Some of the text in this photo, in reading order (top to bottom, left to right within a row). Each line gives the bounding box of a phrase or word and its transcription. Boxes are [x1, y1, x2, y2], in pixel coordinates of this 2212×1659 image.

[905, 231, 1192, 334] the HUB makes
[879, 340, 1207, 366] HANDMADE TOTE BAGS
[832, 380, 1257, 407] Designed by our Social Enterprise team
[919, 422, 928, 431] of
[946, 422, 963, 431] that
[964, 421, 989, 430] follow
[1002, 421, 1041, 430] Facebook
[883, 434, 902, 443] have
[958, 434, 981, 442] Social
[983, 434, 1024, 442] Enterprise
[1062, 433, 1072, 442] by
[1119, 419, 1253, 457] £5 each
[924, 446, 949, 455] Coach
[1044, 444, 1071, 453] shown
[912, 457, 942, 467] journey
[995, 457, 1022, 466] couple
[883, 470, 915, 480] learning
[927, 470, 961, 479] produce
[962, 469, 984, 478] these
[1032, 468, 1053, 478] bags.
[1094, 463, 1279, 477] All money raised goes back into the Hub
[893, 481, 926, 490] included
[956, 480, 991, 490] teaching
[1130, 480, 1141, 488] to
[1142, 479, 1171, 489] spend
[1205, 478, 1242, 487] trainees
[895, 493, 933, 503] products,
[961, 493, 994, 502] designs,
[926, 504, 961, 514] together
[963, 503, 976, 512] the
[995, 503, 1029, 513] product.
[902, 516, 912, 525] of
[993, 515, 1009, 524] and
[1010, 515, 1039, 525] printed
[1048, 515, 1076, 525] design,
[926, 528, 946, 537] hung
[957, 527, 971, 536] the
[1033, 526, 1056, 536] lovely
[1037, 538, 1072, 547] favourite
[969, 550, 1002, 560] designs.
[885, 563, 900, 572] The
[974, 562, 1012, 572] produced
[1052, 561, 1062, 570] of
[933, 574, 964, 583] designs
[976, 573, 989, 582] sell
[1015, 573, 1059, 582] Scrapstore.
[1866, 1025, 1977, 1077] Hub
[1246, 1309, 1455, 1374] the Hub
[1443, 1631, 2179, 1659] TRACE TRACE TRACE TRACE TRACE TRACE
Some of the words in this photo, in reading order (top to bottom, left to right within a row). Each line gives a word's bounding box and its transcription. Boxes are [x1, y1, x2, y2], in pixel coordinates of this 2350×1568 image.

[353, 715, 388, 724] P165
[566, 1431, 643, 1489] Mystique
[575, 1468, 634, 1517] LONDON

......

__Prompt__.
The full set of records above must be reproduced exactly in the reply.

__Written reply__.
Some of the text in this photo, in reading order (top to bottom, left to right within a row). Each line gives the bounding box of a phrase or word and its transcription. Boxes are [x1, y1, x2, y2], in pixel coordinates of this 2212×1659 image.

[905, 231, 1192, 334] the HUB makes
[879, 340, 1207, 366] HANDMADE TOTE BAGS
[832, 380, 1257, 407] Designed by our Social Enterprise team
[919, 422, 928, 431] of
[946, 422, 963, 431] that
[964, 421, 989, 430] follow
[1002, 421, 1041, 430] Facebook
[883, 434, 902, 443] have
[958, 434, 981, 442] Social
[983, 434, 1024, 442] Enterprise
[1062, 433, 1072, 442] by
[1119, 419, 1253, 457] £5 each
[924, 446, 949, 455] Coach
[1044, 444, 1071, 453] shown
[912, 457, 942, 467] journey
[995, 457, 1022, 466] couple
[883, 470, 915, 480] learning
[927, 470, 961, 479] produce
[962, 469, 984, 478] these
[1032, 468, 1053, 478] bags.
[1094, 463, 1279, 477] All money raised goes back into the Hub
[893, 481, 926, 490] included
[956, 480, 991, 490] teaching
[1130, 480, 1141, 488] to
[1142, 479, 1171, 489] spend
[1205, 478, 1242, 487] trainees
[895, 493, 933, 503] products,
[961, 493, 994, 502] designs,
[926, 504, 961, 514] together
[963, 503, 976, 512] the
[995, 503, 1029, 513] product.
[902, 516, 912, 525] of
[993, 515, 1009, 524] and
[1010, 515, 1039, 525] printed
[1048, 515, 1076, 525] design,
[926, 528, 946, 537] hung
[957, 527, 971, 536] the
[1033, 526, 1056, 536] lovely
[1037, 538, 1072, 547] favourite
[969, 550, 1002, 560] designs.
[885, 563, 900, 572] The
[974, 562, 1012, 572] produced
[1052, 561, 1062, 570] of
[933, 574, 964, 583] designs
[976, 573, 989, 582] sell
[1015, 573, 1059, 582] Scrapstore.
[1866, 1025, 1977, 1077] Hub
[1246, 1309, 1455, 1374] the Hub
[1443, 1631, 2179, 1659] TRACE TRACE TRACE TRACE TRACE TRACE
Some of the words in this photo, in reading order (top to bottom, left to right within a row). Each line gives a word's bounding box and its transcription. Boxes are [x1, y1, x2, y2], in pixel coordinates of this 2350×1568 image.

[353, 715, 388, 724] P165
[566, 1431, 643, 1489] Mystique
[575, 1468, 634, 1517] LONDON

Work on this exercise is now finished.